● BRIEF
Word for word, reproduce each line of the data below, omitting every image.

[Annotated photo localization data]
● ● ●

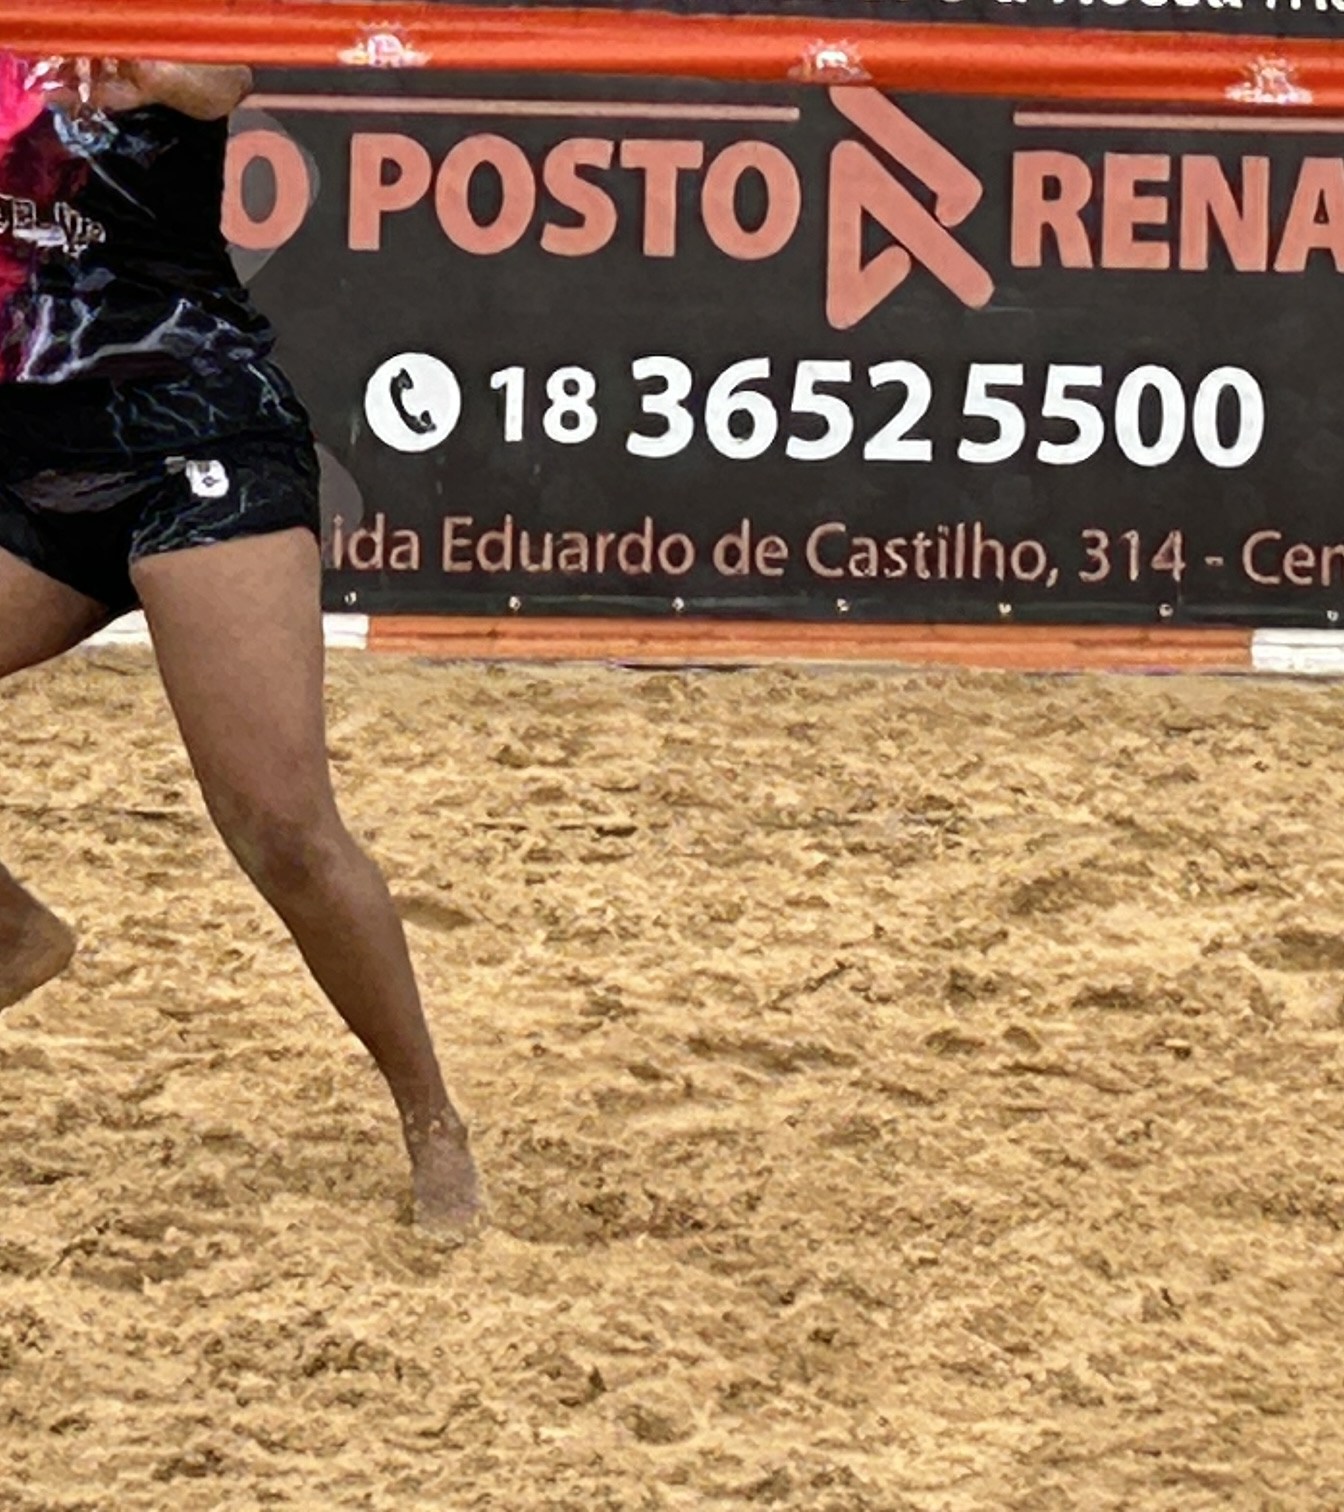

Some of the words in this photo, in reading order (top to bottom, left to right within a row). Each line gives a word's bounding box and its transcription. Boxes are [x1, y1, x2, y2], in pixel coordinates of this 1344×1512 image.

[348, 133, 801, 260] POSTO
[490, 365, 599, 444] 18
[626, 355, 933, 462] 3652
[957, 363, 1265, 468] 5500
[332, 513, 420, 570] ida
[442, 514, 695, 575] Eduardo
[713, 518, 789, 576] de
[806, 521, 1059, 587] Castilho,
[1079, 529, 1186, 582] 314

● ● ●

● OUTPUT OF THE TASK
Some of the words in this photo, in reading order (top to bottom, left to right within a row). Each line gives a word's bounding box and its transcription. Boxes are [x1, y1, x2, y2], in pixel coordinates of this 1344×1512 image.

[348, 133, 801, 260] POSTO
[490, 365, 599, 444] 18
[626, 355, 933, 462] 3652
[957, 363, 1265, 468] 5500
[332, 513, 420, 570] ida
[442, 514, 695, 575] Eduardo
[713, 518, 789, 576] de
[806, 521, 1059, 587] Castilho,
[1079, 529, 1186, 582] 314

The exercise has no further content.